Linda Lawson: All my aunts used Pond’s hand cream…don’t know if it still exists. Evening dessert was often toast with butter and cinnamon.
Betsey Cotter: My mother’s bread baking and my father’s smell of formaldehyde……
Diana Chrisman Smith: Potting soil for me, too. My dad raised African violets to sell to local florists and give to friends. There were always several large tables FULL of plants in various stages of maturity. And I inherited my mother’s ‘black thumb’. Can’t grow anything!
Janice Lovelace: Bakery – bread! There was a bakery across from an “auntie” and I loved the smell of bread baking and then getting [it] fresh out of the oven.
Mary Kathryn Crews Kozy: The smell of rain and smoke from wood fires burning… Means it must be time to go back to school! :-) Probably why fall is my absolutely FAVORITE season!

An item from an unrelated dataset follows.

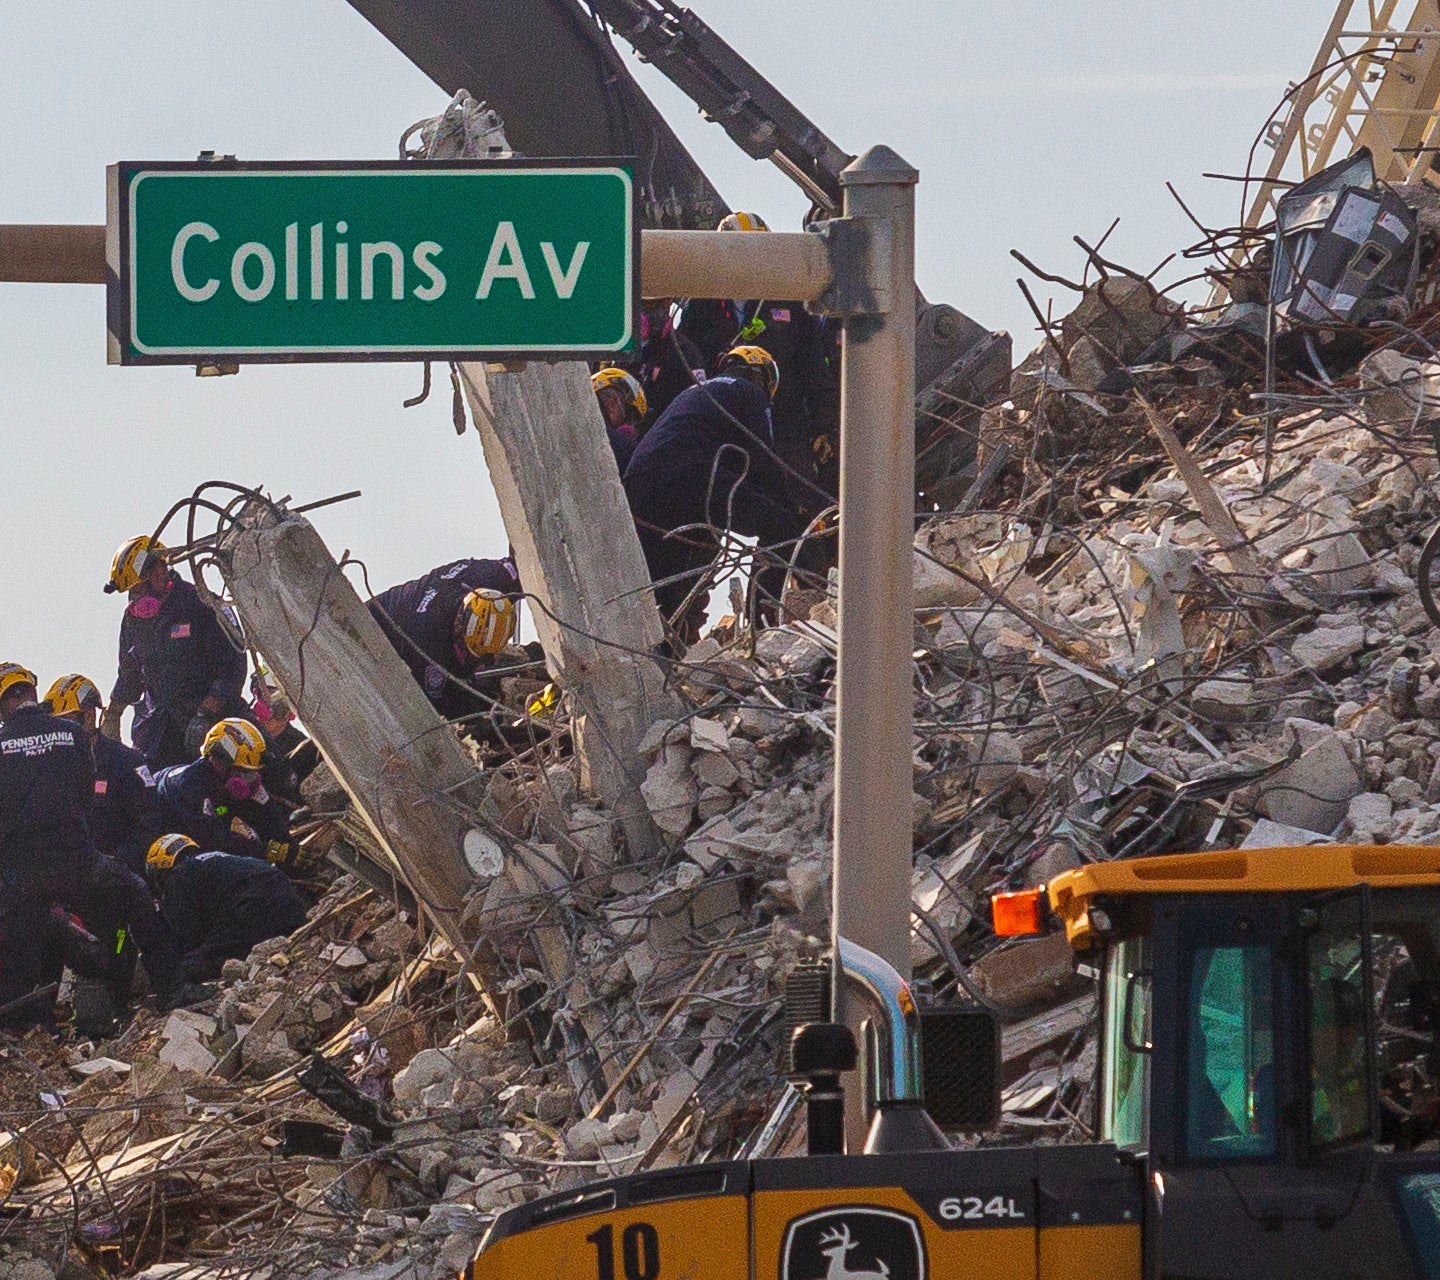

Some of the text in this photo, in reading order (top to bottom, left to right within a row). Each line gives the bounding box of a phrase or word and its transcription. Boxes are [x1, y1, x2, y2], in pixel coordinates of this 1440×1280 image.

Laura Flanagan: Sawdust. My father was a woodworker. He had his own business for over 40 years.
Diane Blomgren: We had many bonfires in the fall and I love that smell! We found a good long stick, whittled it down to a point on one end and browned/burned marshmallows over the fire! Another smell I remember well…. Those burned marshmallows! Ate them anyway!
Judy Keller Fox: [F]an belts: Dad had an auto parts store. I get the oil and tires smell, too!
Tami Osmer Mize: Ivory soap. My grandma washed EVERYTHING in Ivory soap and that scent takes me back to her farmhouse kitchen.
Sandy Barnes: I do [have] a very specific smell associated with Nov 1963, the day President Kennedy was shot. My mother was a very avid ironer. She would sprinkle water on the clothes and roll them up before ironing them. Those wet clothes [after being] steam ironed had a very specific, almost metallic, smell. I was in sixth grade; they sent us home early and when I walked in, my mother was ironing.